Here, Here and Here track listing
| No. | Title | Lyrics | Music | Length |
|---|---|---|---|---|
| 1. | "Going Away" | Dia Frampton | Dia Frampton | 3:25 |
| 2. | "Hug Me" | Dia Frampton | Dia Frampton | 3:26 |
| 3. | "What If" | Meg Frampton; Dia Frampton; | Meg Frampton | 3:24 |
| 4. | "Are There Giants Too, in the Dance?" | Meg Frampton; Dia Frampton; | Meg Frampton | 3:23 |
| 5. | "Inside My Head" | Dia Frampton | Dia Frampton | 4:24 |
| 6. | "Black Wedding" | Dia Frampton | Meg Frampton; Dia Frampton; Meg Squire; | 3:31 |
| 7. | "Bored of Your Love" (featuring Tom Higgenson) | Dia Frampton; Meg Frampton; T. Higgenson; | Dia Frampton; Meg Frampton; T. Higgenson; | 3:02 |
| 8. | "One Sail" | Dia Frampton | Dia Frampton; Meg Frampton; | 4:20 |
| 9. | "The Last Great Star in Hollywood" | Dia Frampton; Meg Frampton; | Meg Frampton | 3:12 |
| 10. | "Agree to Disagree" | Meg Frampton | Meg Frampton | 3:41 |
| 11. | "Fighting for Nothing" | Dia Frampton | Dia Frampton | 4:25 |
| 12. | "Kiss You Goodnight" | Meg Frampton; Dia Frampton; | Meg Frampton | 4:07 |
| 13. | "Here, Here and Here" | Meg Frampton | Meg Frampton | 4:14 |

Here, Here and Here iTunes bonus tracks
| No. | Title | Length |
|---|---|---|
| 14. | "What If (Remix)" | 3:25 |

===Notes===
- Purchasing the album through MegandDia.com includes an instant download of "Agree to Disagree (GarageBand Demo)". The first 1,000 pre-orders also came with an additional autographed booklet.
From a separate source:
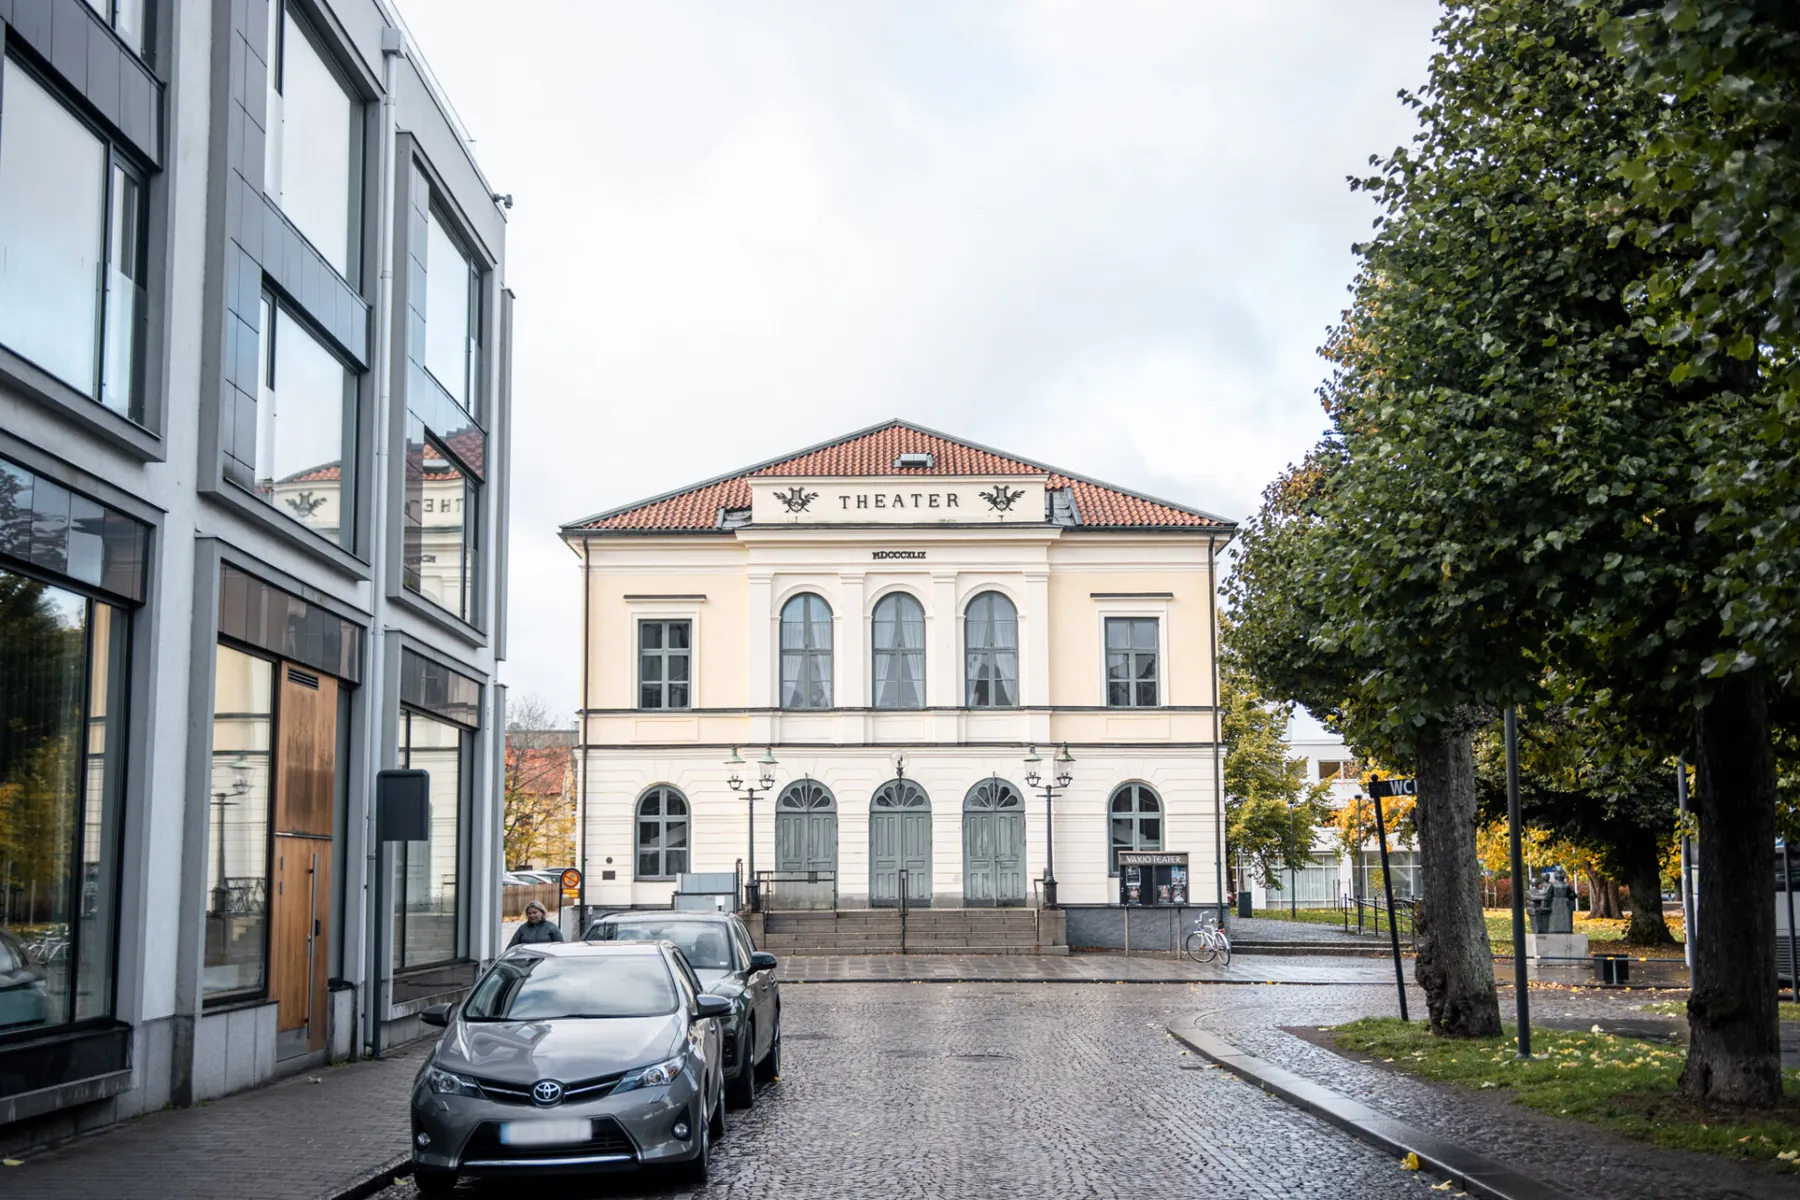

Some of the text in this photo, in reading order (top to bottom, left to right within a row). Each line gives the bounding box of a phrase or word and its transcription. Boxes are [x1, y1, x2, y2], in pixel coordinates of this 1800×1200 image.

[839, 493, 959, 509] THEATER
[872, 551, 926, 560] MDCCCXLIX
[1152, 855, 1181, 864] TEATER
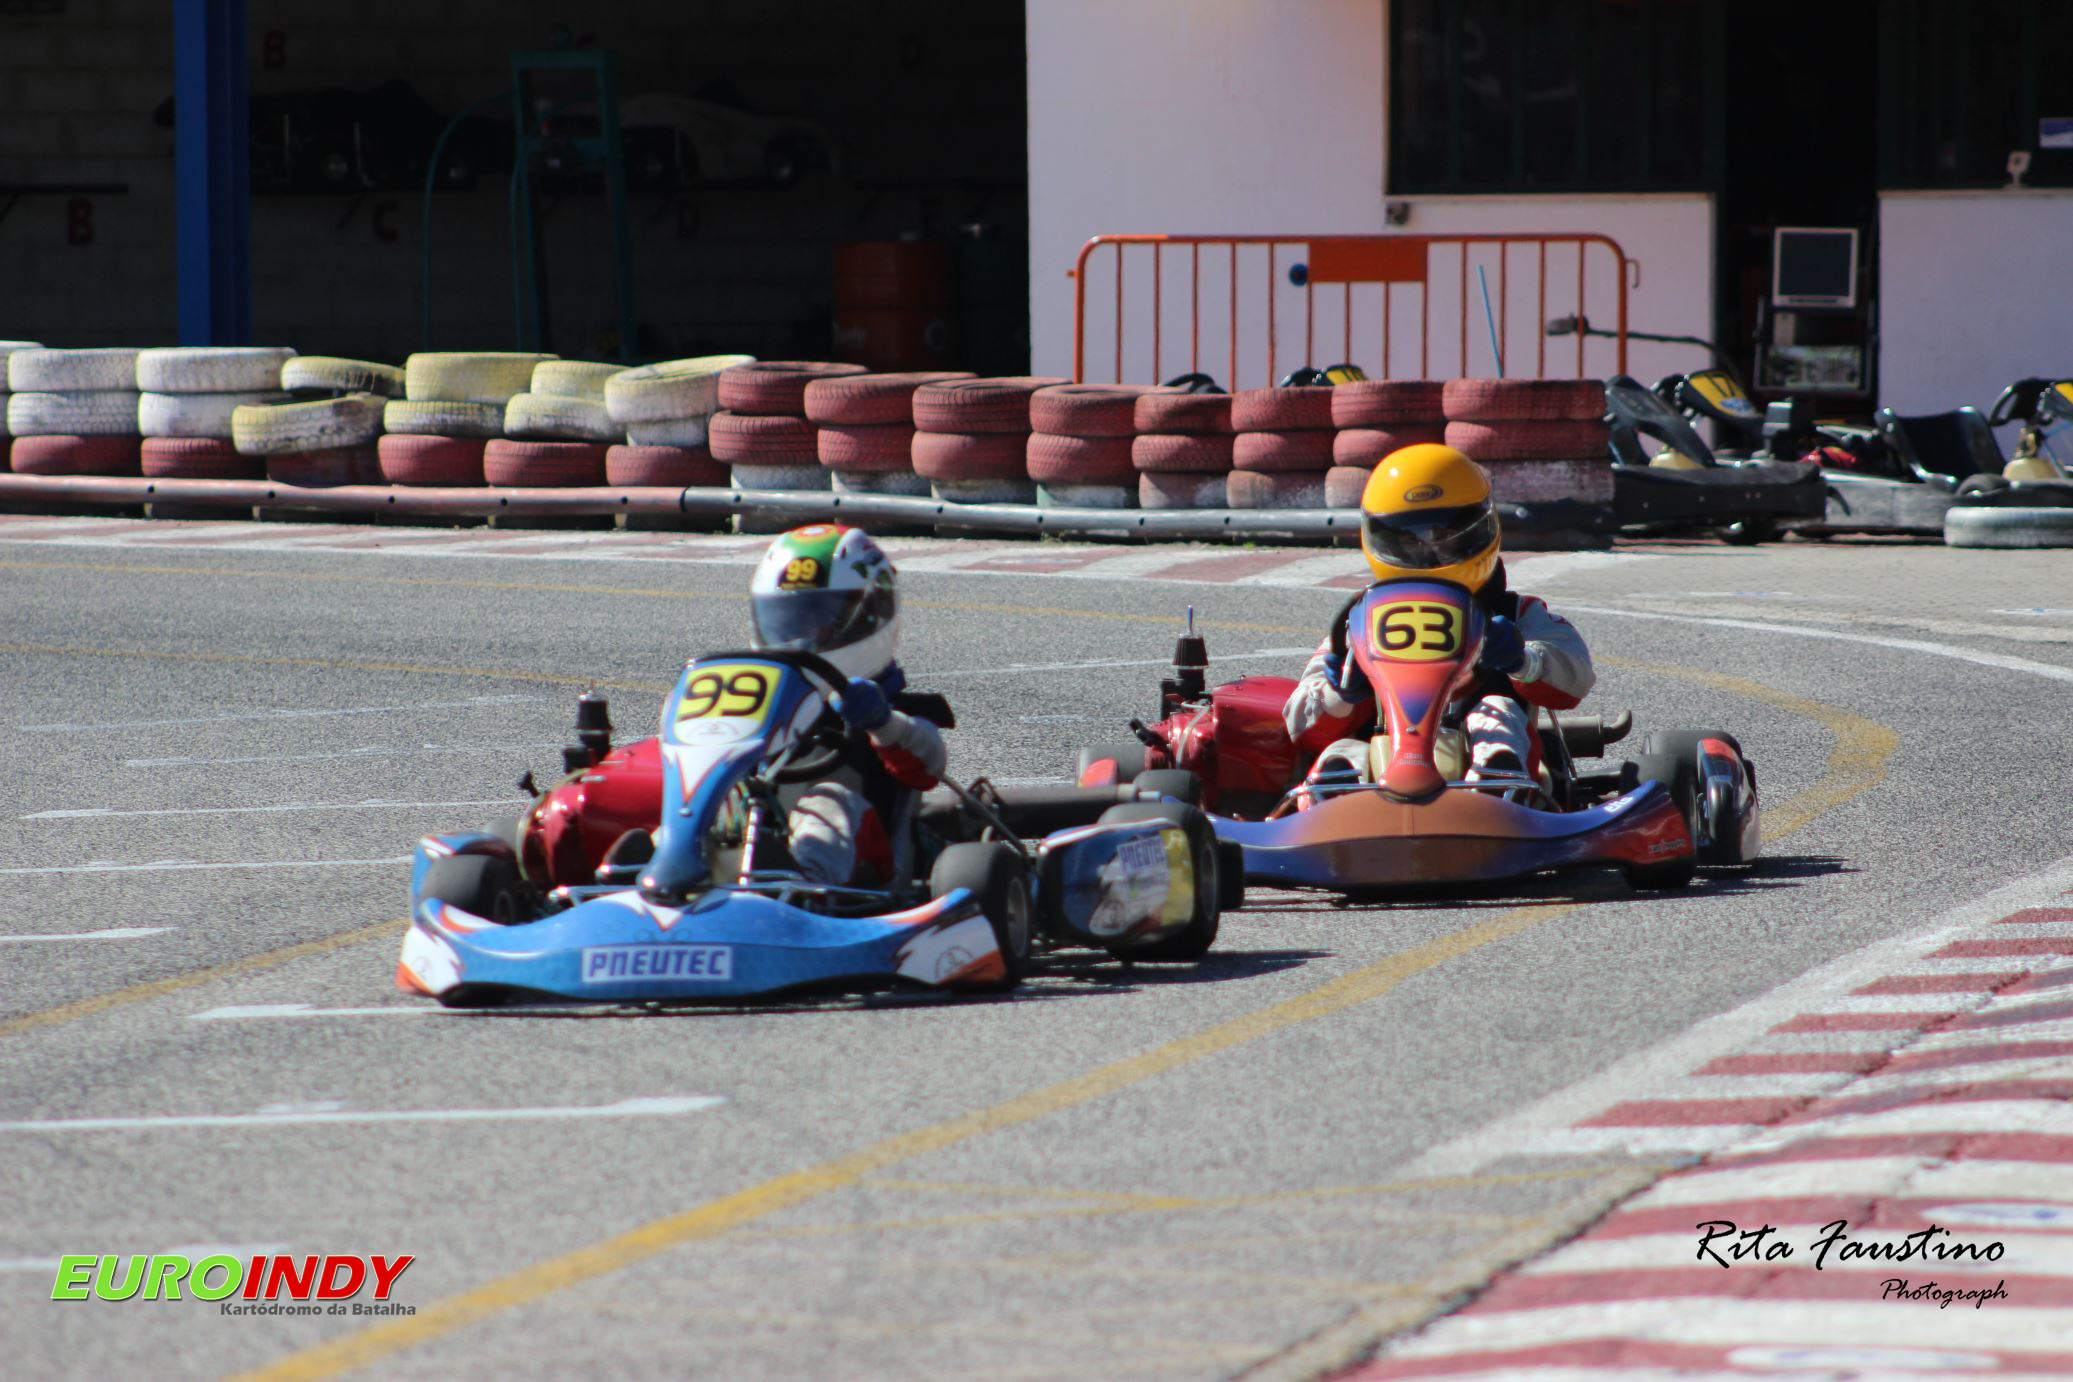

The band's official site offers an exclusive CD/DVD package which includes a 30-minute featurette documenting the making of the album

- "Let's Go Away," "Brightside," and "Giant" were all alternate titles to tracks 01, "Going Away", 09 "The Last Great Star in Hollywood", and 04, "Are There Giants Too, in the Dance?", respectively.